Information supplied section start
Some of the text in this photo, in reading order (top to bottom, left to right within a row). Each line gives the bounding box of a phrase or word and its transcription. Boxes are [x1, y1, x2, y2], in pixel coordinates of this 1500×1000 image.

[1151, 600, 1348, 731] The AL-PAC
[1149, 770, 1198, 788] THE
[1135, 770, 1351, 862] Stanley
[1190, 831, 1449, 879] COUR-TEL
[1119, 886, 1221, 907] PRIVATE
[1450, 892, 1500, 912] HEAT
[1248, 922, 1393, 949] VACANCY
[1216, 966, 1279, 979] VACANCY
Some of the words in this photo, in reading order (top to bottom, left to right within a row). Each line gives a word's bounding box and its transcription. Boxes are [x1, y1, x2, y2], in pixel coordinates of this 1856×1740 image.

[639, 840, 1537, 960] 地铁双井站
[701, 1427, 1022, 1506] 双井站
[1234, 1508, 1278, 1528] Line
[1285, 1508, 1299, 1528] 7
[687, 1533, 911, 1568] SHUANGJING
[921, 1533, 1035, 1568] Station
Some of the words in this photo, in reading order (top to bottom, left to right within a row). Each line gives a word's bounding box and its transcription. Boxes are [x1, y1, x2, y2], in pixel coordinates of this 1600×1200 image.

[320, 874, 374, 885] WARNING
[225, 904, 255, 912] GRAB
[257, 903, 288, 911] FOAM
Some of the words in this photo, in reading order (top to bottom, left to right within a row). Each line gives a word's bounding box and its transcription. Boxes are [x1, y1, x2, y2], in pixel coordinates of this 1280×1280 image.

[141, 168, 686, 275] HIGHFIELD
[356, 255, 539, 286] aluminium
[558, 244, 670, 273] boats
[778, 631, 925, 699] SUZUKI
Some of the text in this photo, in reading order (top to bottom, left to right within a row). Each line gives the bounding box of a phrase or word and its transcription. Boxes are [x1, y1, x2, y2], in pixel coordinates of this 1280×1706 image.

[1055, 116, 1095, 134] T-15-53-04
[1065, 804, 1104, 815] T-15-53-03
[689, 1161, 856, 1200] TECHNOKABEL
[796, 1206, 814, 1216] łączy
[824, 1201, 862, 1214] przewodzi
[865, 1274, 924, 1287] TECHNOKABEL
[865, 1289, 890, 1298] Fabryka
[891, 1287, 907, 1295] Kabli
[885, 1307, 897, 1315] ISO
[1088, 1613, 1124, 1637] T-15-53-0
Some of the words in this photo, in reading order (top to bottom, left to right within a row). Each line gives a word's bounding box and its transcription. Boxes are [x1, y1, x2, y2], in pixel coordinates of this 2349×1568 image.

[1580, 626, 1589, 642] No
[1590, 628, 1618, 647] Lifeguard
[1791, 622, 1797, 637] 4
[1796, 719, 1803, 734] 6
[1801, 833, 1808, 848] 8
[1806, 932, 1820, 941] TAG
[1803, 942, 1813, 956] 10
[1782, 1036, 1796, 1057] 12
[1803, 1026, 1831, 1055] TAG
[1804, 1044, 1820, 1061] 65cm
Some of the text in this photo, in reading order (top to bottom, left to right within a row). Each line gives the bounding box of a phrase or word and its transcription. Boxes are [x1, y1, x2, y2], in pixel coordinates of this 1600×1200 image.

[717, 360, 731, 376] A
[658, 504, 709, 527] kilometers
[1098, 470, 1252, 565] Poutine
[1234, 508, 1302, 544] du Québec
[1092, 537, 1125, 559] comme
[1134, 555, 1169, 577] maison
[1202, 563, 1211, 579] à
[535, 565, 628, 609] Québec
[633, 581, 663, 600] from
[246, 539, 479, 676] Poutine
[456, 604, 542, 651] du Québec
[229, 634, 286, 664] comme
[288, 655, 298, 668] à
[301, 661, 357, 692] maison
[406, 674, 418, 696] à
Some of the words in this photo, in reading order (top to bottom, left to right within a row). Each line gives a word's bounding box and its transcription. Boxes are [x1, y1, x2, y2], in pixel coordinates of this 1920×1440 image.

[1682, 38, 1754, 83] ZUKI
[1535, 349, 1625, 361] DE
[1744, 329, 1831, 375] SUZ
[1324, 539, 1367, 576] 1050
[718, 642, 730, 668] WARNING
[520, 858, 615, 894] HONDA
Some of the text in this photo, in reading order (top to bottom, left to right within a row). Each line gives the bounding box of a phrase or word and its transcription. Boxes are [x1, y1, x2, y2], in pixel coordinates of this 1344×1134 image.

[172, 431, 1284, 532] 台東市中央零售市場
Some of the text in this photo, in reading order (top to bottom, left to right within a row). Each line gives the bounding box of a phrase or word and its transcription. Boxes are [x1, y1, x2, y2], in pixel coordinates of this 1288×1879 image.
Information supplied section end
=== What to work on ===
Copy each record above so that no word or mark differs.

=== The completed task ===
Some of the text in this photo, in reading order (top to bottom, left to right within a row). Each line gives the bounding box of a phrase or word and its transcription. Boxes are [x1, y1, x2, y2], in pixel coordinates of this 1500×1000 image.

[1151, 600, 1348, 731] The AL-PAC
[1149, 770, 1198, 788] THE
[1135, 770, 1351, 862] Stanley
[1190, 831, 1449, 879] COUR-TEL
[1119, 886, 1221, 907] PRIVATE
[1450, 892, 1500, 912] HEAT
[1248, 922, 1393, 949] VACANCY
[1216, 966, 1279, 979] VACANCY
Some of the words in this photo, in reading order (top to bottom, left to right within a row). Each line gives a word's bounding box and its transcription. Boxes are [x1, y1, x2, y2], in pixel coordinates of this 1856×1740 image.

[639, 840, 1537, 960] 地铁双井站
[701, 1427, 1022, 1506] 双井站
[1234, 1508, 1278, 1528] Line
[1285, 1508, 1299, 1528] 7
[687, 1533, 911, 1568] SHUANGJING
[921, 1533, 1035, 1568] Station
Some of the words in this photo, in reading order (top to bottom, left to right within a row). Each line gives a word's bounding box and its transcription. Boxes are [x1, y1, x2, y2], in pixel coordinates of this 1600×1200 image.

[320, 874, 374, 885] WARNING
[225, 904, 255, 912] GRAB
[257, 903, 288, 911] FOAM
Some of the words in this photo, in reading order (top to bottom, left to right within a row). Each line gives a word's bounding box and its transcription. Boxes are [x1, y1, x2, y2], in pixel coordinates of this 1280×1280 image.

[141, 168, 686, 275] HIGHFIELD
[356, 255, 539, 286] aluminium
[558, 244, 670, 273] boats
[778, 631, 925, 699] SUZUKI
Some of the text in this photo, in reading order (top to bottom, left to right within a row). Each line gives the bounding box of a phrase or word and its transcription. Boxes are [x1, y1, x2, y2], in pixel coordinates of this 1280×1706 image.

[1055, 116, 1095, 134] T-15-53-04
[1065, 804, 1104, 815] T-15-53-03
[689, 1161, 856, 1200] TECHNOKABEL
[796, 1206, 814, 1216] łączy
[824, 1201, 862, 1214] przewodzi
[865, 1274, 924, 1287] TECHNOKABEL
[865, 1289, 890, 1298] Fabryka
[891, 1287, 907, 1295] Kabli
[885, 1307, 897, 1315] ISO
[1088, 1613, 1124, 1637] T-15-53-0
Some of the words in this photo, in reading order (top to bottom, left to right within a row). Each line gives a word's bounding box and its transcription. Boxes are [x1, y1, x2, y2], in pixel coordinates of this 2349×1568 image.

[1580, 626, 1589, 642] No
[1590, 628, 1618, 647] Lifeguard
[1791, 622, 1797, 637] 4
[1796, 719, 1803, 734] 6
[1801, 833, 1808, 848] 8
[1806, 932, 1820, 941] TAG
[1803, 942, 1813, 956] 10
[1782, 1036, 1796, 1057] 12
[1803, 1026, 1831, 1055] TAG
[1804, 1044, 1820, 1061] 65cm
Some of the text in this photo, in reading order (top to bottom, left to right within a row). Each line gives the bounding box of a phrase or word and its transcription. Boxes are [x1, y1, x2, y2], in pixel coordinates of this 1600×1200 image.

[717, 360, 731, 376] A
[658, 504, 709, 527] kilometers
[1098, 470, 1252, 565] Poutine
[1234, 508, 1302, 544] du Québec
[1092, 537, 1125, 559] comme
[1134, 555, 1169, 577] maison
[1202, 563, 1211, 579] à
[535, 565, 628, 609] Québec
[633, 581, 663, 600] from
[246, 539, 479, 676] Poutine
[456, 604, 542, 651] du Québec
[229, 634, 286, 664] comme
[288, 655, 298, 668] à
[301, 661, 357, 692] maison
[406, 674, 418, 696] à
Some of the words in this photo, in reading order (top to bottom, left to right within a row). Each line gives a word's bounding box and its transcription. Boxes are [x1, y1, x2, y2], in pixel coordinates of this 1920×1440 image.

[1682, 38, 1754, 83] ZUKI
[1535, 349, 1625, 361] DE
[1744, 329, 1831, 375] SUZ
[1324, 539, 1367, 576] 1050
[718, 642, 730, 668] WARNING
[520, 858, 615, 894] HONDA
Some of the text in this photo, in reading order (top to bottom, left to right within a row). Each line gives the bounding box of a phrase or word and its transcription. Boxes are [x1, y1, x2, y2], in pixel coordinates of this 1344×1134 image.

[172, 431, 1284, 532] 台東市中央零售市場
Some of the text in this photo, in reading order (top to bottom, left to right within a row). Each line gives the bounding box of a phrase or word and its transcription. Boxes are [x1, y1, x2, y2], in pixel coordinates of this 1288×1879 image.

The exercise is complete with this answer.